Pay down high interest loans and lines of credit. With average annual interest rates for credit cards and personal loans hovering around fifteen percent, paying off that credit card before making other investment decisions makes good sense.
Fund Your Retirement Account. About 30 percent of all working Americans have no money invested for their retirement. If you are one of them, seriously consider making a contribution to an IRA right away.
Invest it. Instead of just working for money, let money work for you. If you invested one lump sum of $1,500 in the stock market, over thirty years at 12% interest (the 30-year market average) you’d have $53,924. (Do your research first before making any investment decision, of course.)

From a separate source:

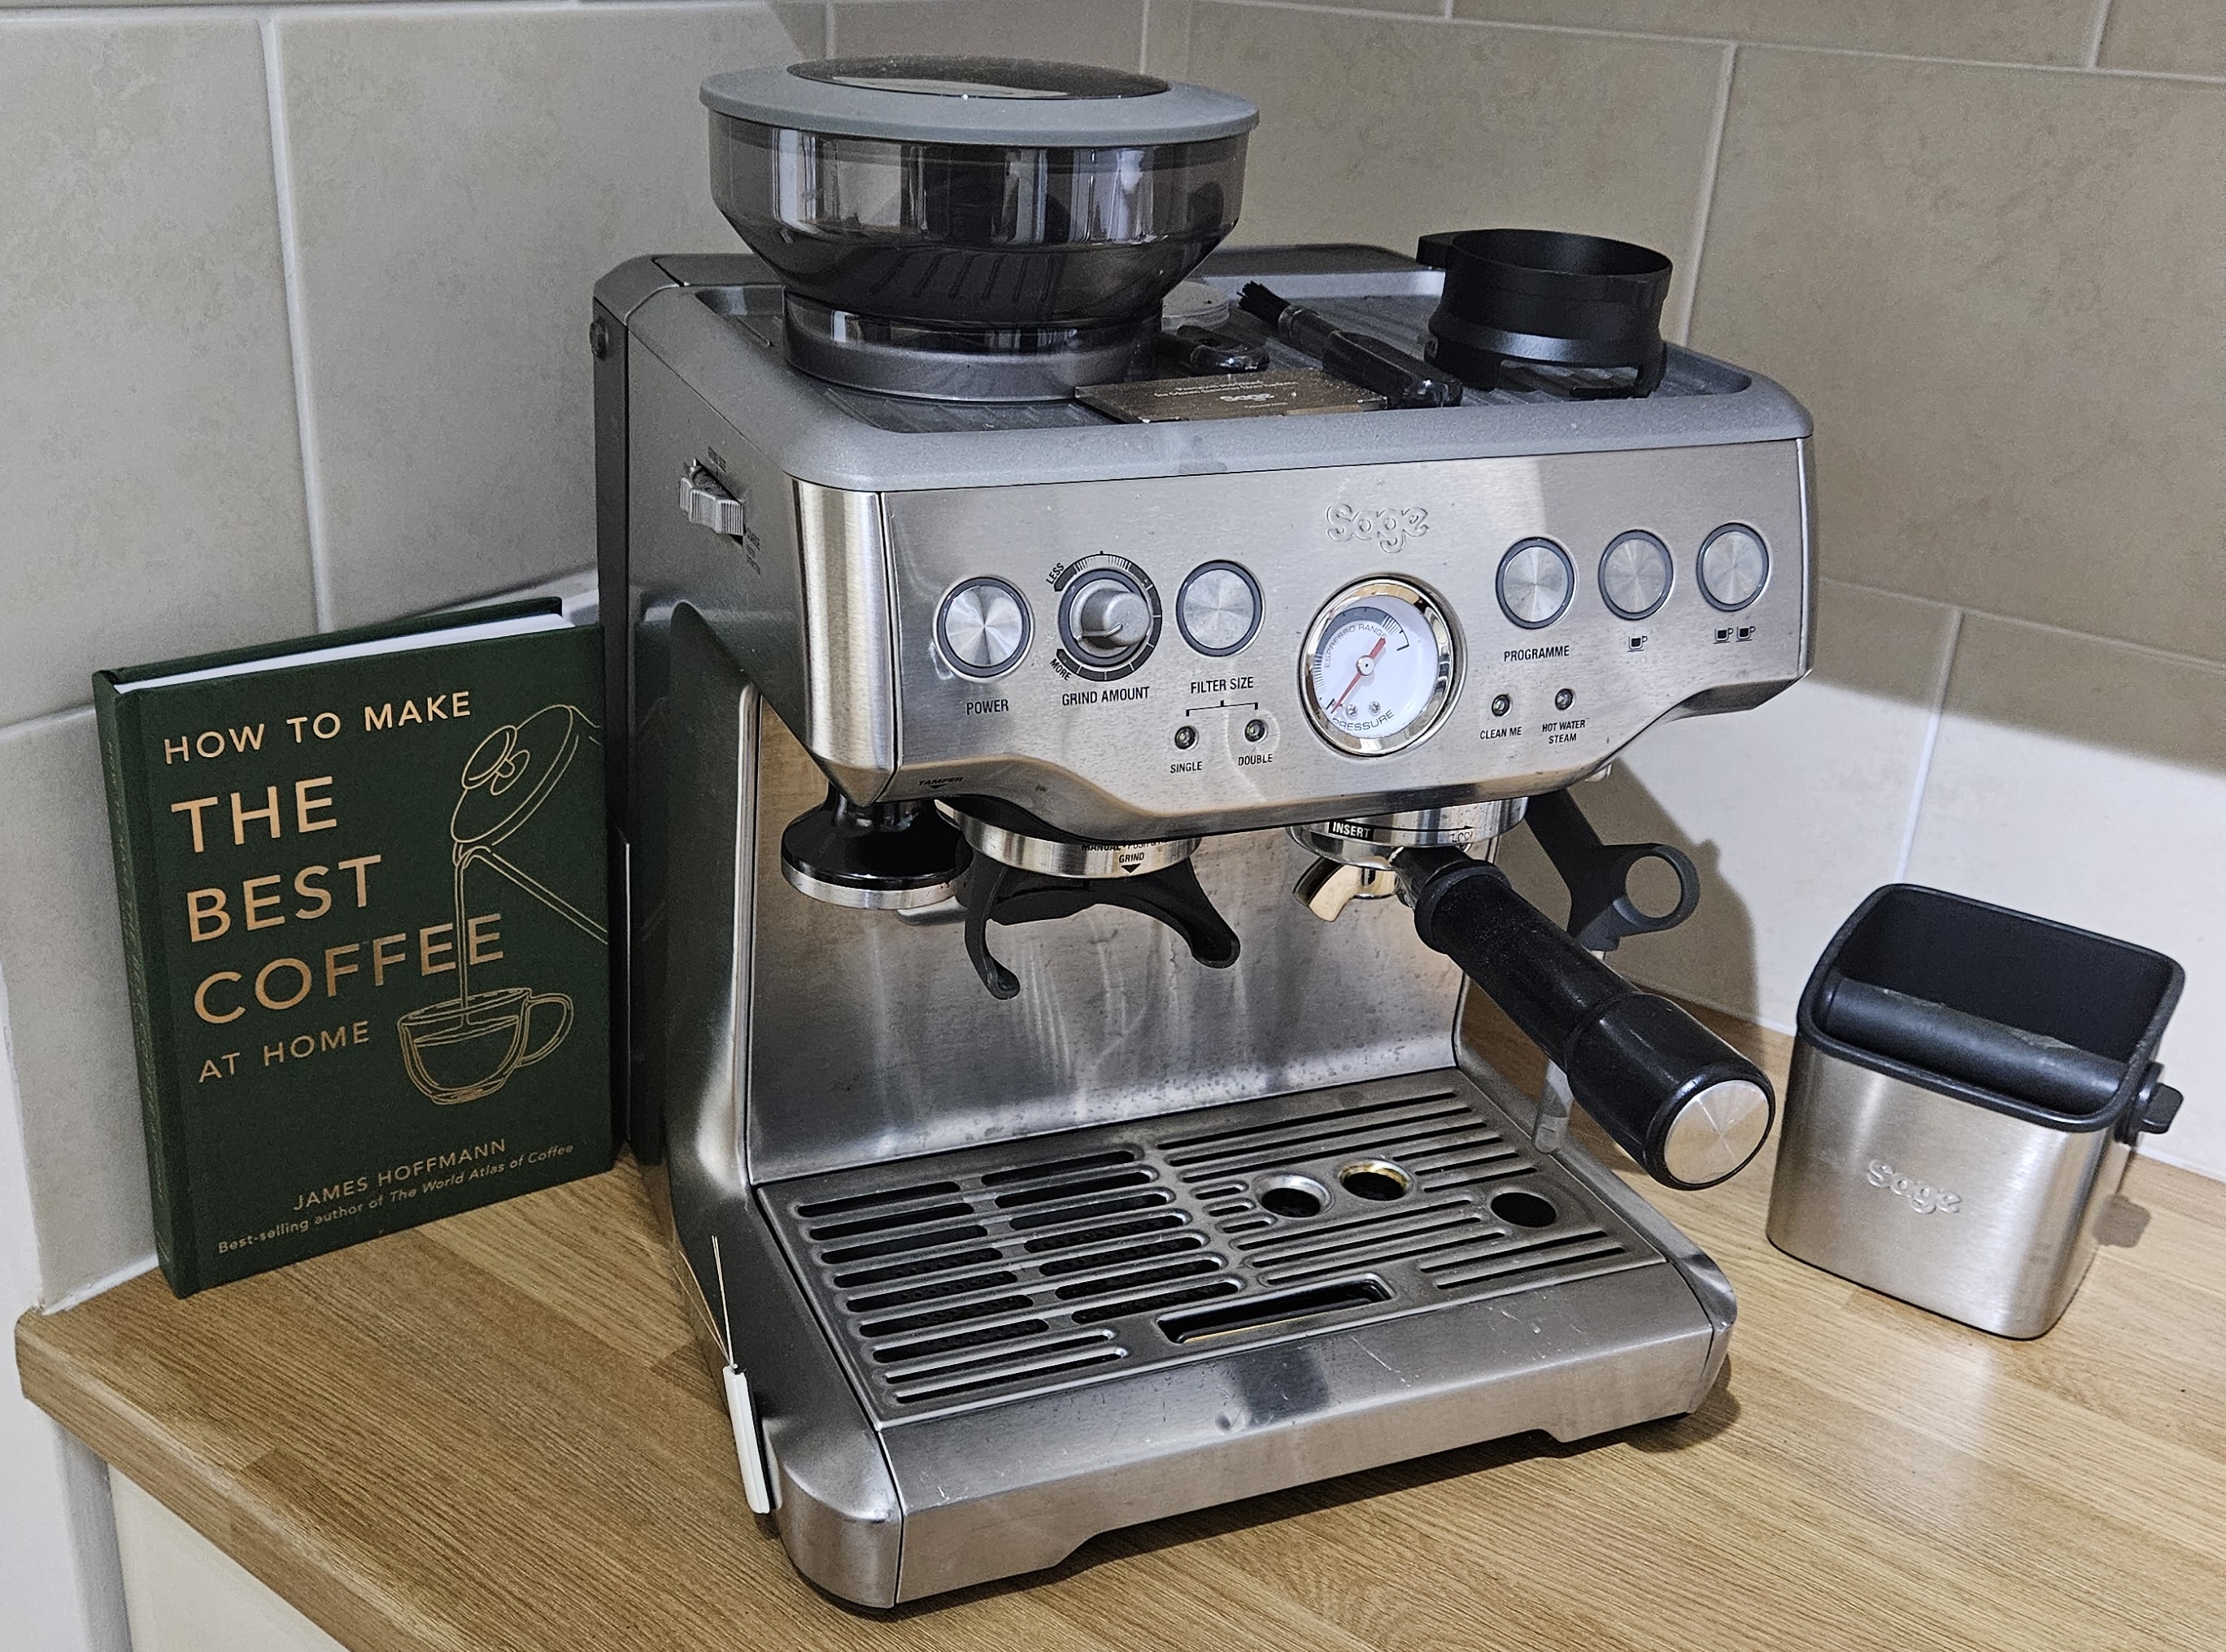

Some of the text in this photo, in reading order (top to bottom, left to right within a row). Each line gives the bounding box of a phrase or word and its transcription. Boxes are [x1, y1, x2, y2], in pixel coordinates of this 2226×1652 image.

Open an emergency account. Most Americans don’t have money set aside for those financial emergencies that always seem to happen when there is no cash in the coffer. A large tax refund is a great start to an emergency account. It should eventually total between three to six months worth of essential living expenses.
Pay for repairs. Maintaining expensive possessions now will result in dollars saved tomorrow. Use the money to repair that leaky roof or worn down tire before it develops into a bigger problem.
Start a personal endowment. Investing in your emotional, physical, intellectual, and career growth is a wise use of money. Whether it’s paying for a gym membership or a cooking class, you’ll feel effects of this type of investment fast.
Make an extra home mortgage payment (or two). Though you won’t feel the benefit immediately, doubling up on a mortgage payment now can save you months of mortgage payments later.
Donate to a charity. Giving back to the community is a wonderful way of supporting a cause that you are passionate about. Even better – in many cases at least a portion of your donation is tax-deductible too.
Open a 529 College Savings Plan. A four-year college education can cost upwards of $100,000. Save for your child’s college education with a 529 plan. It works much like a Roth IRA, and withdrawals are completely tax-free when used for higher education purposes.
Plan a vacation. If you are in a fluid financial position, and can truly afford a bit of luxury, do something you’ve been dreaming of. Money is to be enjoyed as well as earned, saved, and invested. Go ahead. Book that cruise.